- _Dataset records_:
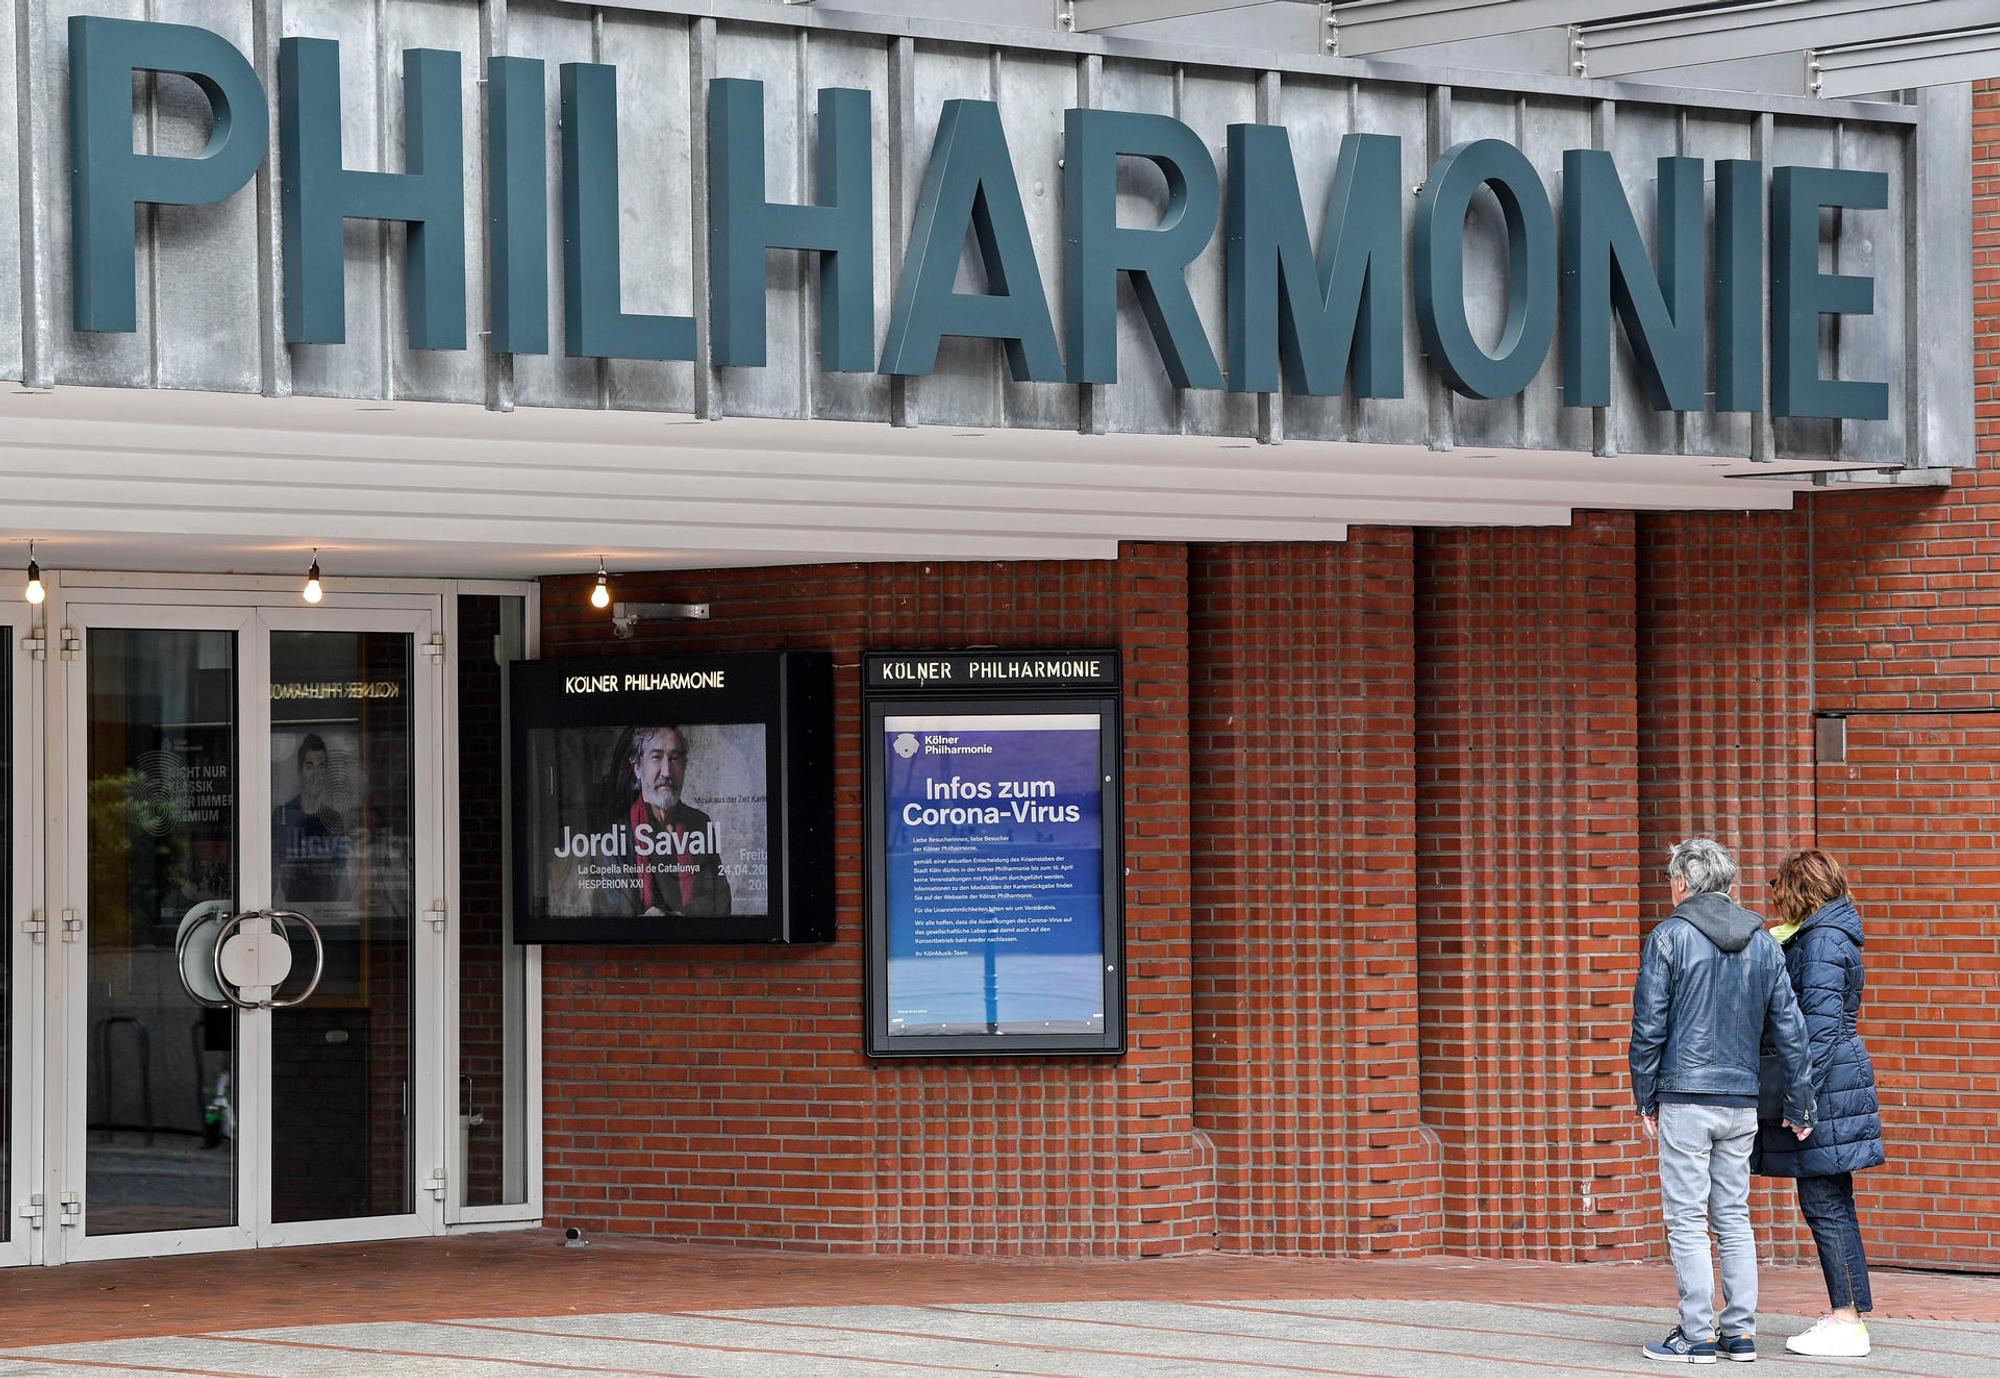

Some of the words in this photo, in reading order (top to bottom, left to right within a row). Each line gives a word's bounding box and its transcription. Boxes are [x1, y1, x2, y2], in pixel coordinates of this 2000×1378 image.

[69, 14, 1888, 421] PHILHARMONIE
[883, 662, 951, 679] KÖLNER
[969, 661, 1100, 678] PHILHARMONIE
[566, 675, 619, 693] KÖLNER
[625, 671, 724, 691] PHILHARMONIE
[925, 735, 959, 745] Kölner
[925, 743, 993, 755] Philharmonie
[202, 765, 226, 778] NUR
[926, 776, 992, 800] Infos
[997, 779, 1056, 798] zum
[171, 809, 219, 823] REMIUM
[902, 800, 1081, 826] Corona-Virus
[554, 823, 626, 858] Jordi
[634, 821, 721, 856] Savall
[740, 848, 767, 861] Freit
[578, 865, 588, 875] La
[590, 864, 621, 877] Capella
[623, 864, 644, 874] Reial
[646, 864, 656, 874] de
[658, 863, 700, 875] Catalunya
[718, 864, 767, 876] 24.04.20
[630, 879, 644, 889] XXI
[748, 879, 767, 891] 20:

- _Work item_: The reply should repeat the listing above exactly and contain no pictures.

- _Solution to this exercise_:
Some of the words in this photo, in reading order (top to bottom, left to right within a row). Each line gives a word's bounding box and its transcription. Boxes are [x1, y1, x2, y2], in pixel coordinates of this 2000×1378 image.

[69, 14, 1888, 421] PHILHARMONIE
[883, 662, 951, 679] KÖLNER
[969, 661, 1100, 678] PHILHARMONIE
[566, 675, 619, 693] KÖLNER
[625, 671, 724, 691] PHILHARMONIE
[925, 735, 959, 745] Kölner
[925, 743, 993, 755] Philharmonie
[202, 765, 226, 778] NUR
[926, 776, 992, 800] Infos
[997, 779, 1056, 798] zum
[171, 809, 219, 823] REMIUM
[902, 800, 1081, 826] Corona-Virus
[554, 823, 626, 858] Jordi
[634, 821, 721, 856] Savall
[740, 848, 767, 861] Freit
[578, 865, 588, 875] La
[590, 864, 621, 877] Capella
[623, 864, 644, 874] Reial
[646, 864, 656, 874] de
[658, 863, 700, 875] Catalunya
[718, 864, 767, 876] 24.04.20
[630, 879, 644, 889] XXI
[748, 879, 767, 891] 20:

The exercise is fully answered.